-- Activity --
Transcribe the entries exactly; images are not part of the copy.

━━━━━━━━━━━━━━━━

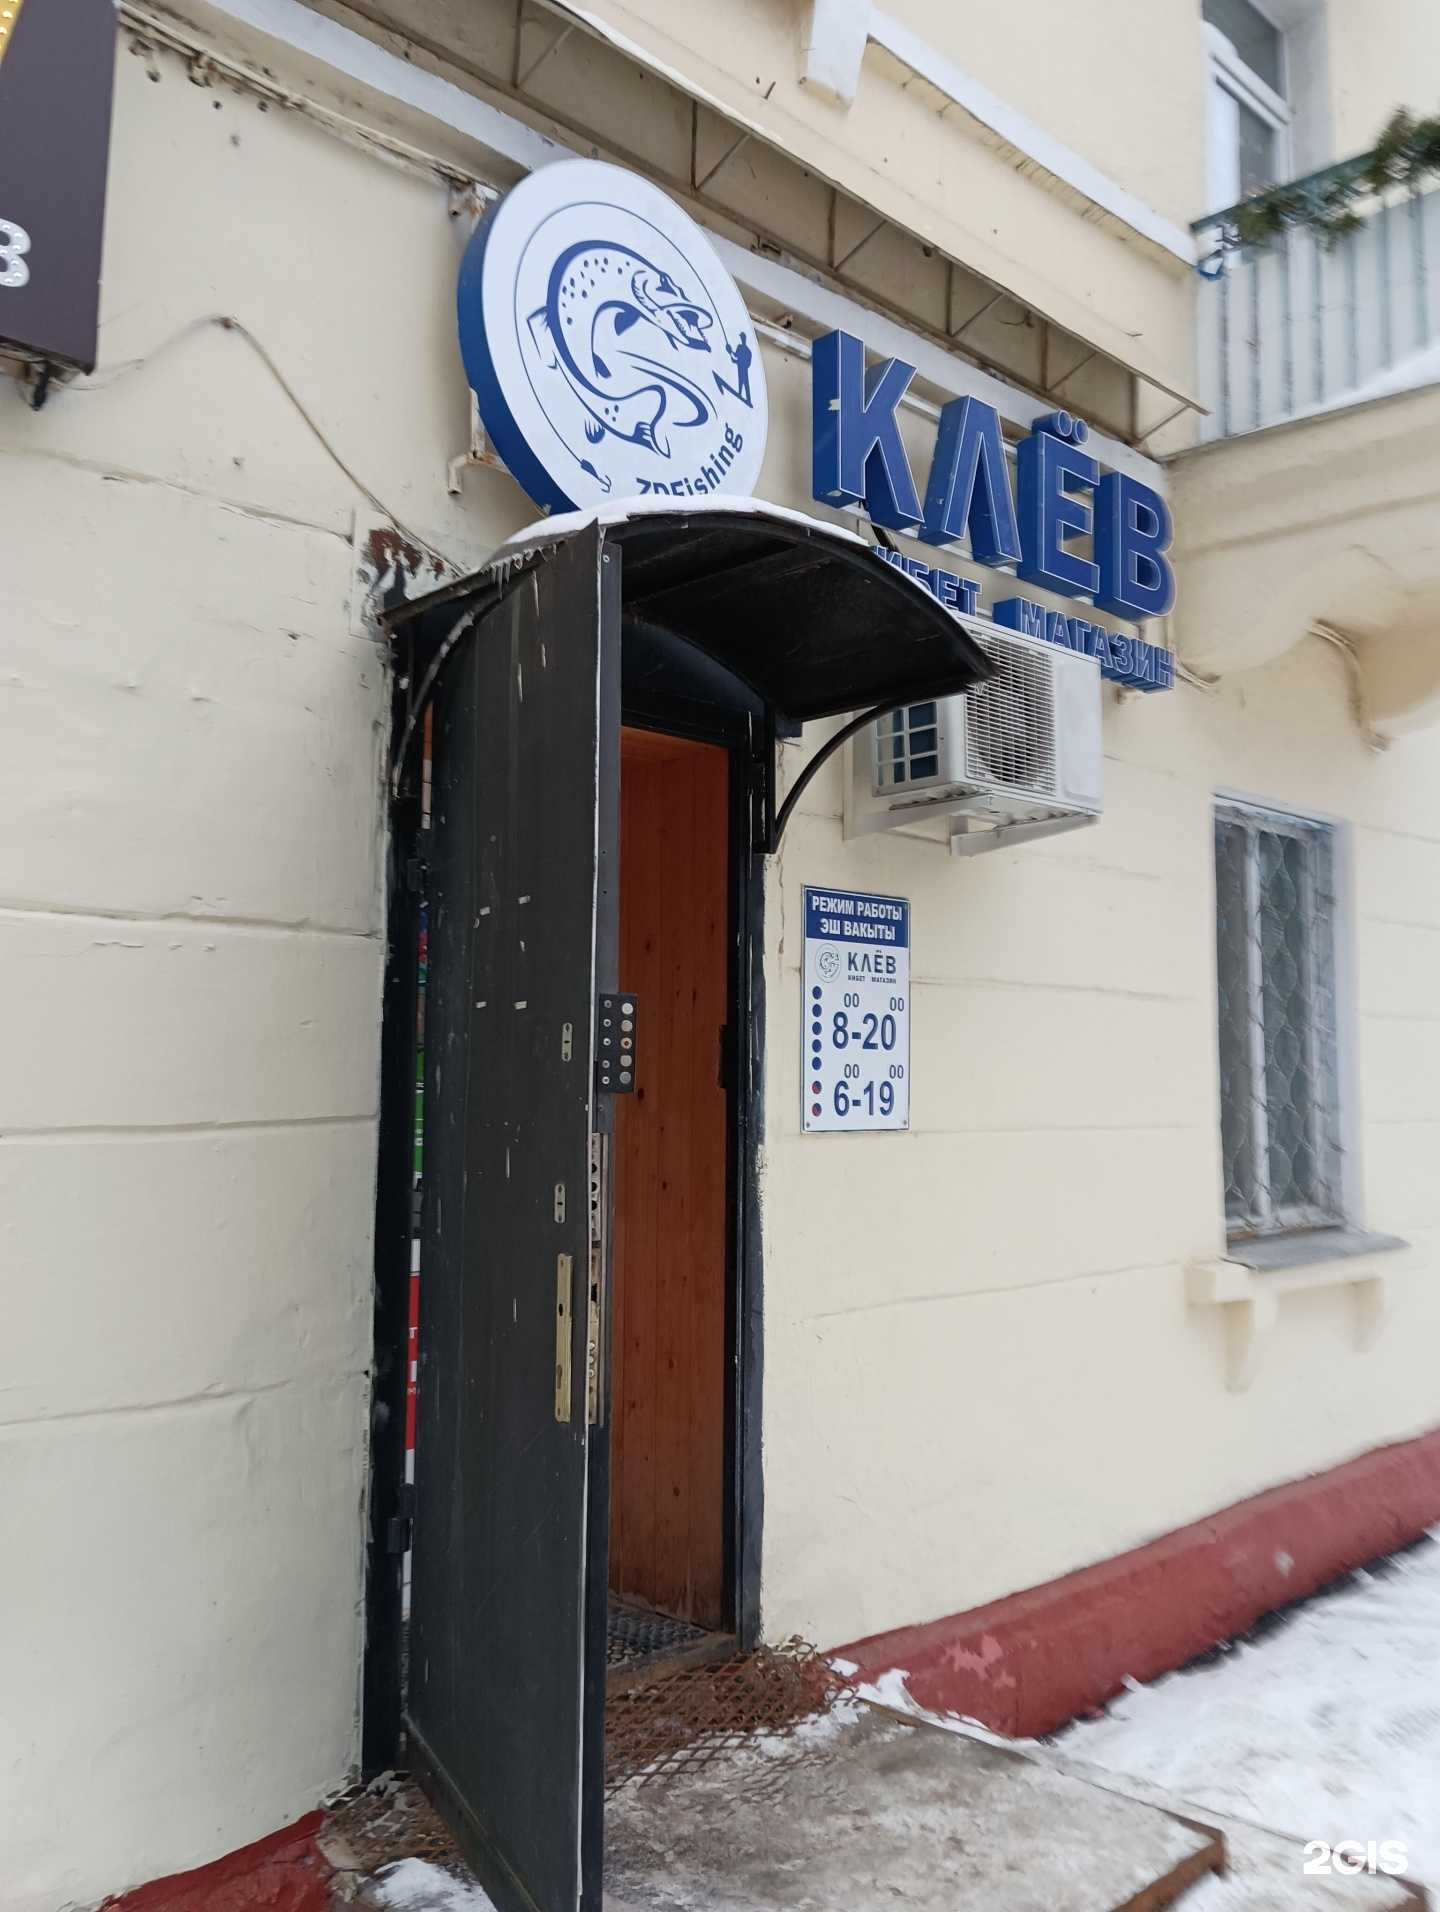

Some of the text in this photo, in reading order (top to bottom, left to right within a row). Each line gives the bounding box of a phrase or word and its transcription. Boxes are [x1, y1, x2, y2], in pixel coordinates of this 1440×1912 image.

[813, 328, 1177, 622] КЛЁВ
[996, 596, 1176, 693] МАГАЗИН
[812, 895, 902, 920] РЕЖИМ РАБОТЫ
[820, 917, 896, 940] ЭШ ВАКЫТЫ
[848, 949, 896, 974] КЛЁВ
[843, 993, 904, 1012] 00 00
[844, 1064, 904, 1079] 00 00

━━━━━━━━━━━━━━━━

-- Output --
Some of the text in this photo, in reading order (top to bottom, left to right within a row). Each line gives the bounding box of a phrase or word and its transcription. Boxes are [x1, y1, x2, y2], in pixel coordinates of this 1440×1912 image.

[813, 328, 1177, 622] КЛЁВ
[996, 596, 1176, 693] МАГАЗИН
[812, 895, 902, 920] РЕЖИМ РАБОТЫ
[820, 917, 896, 940] ЭШ ВАКЫТЫ
[848, 949, 896, 974] КЛЁВ
[843, 993, 904, 1012] 00 00
[844, 1064, 904, 1079] 00 00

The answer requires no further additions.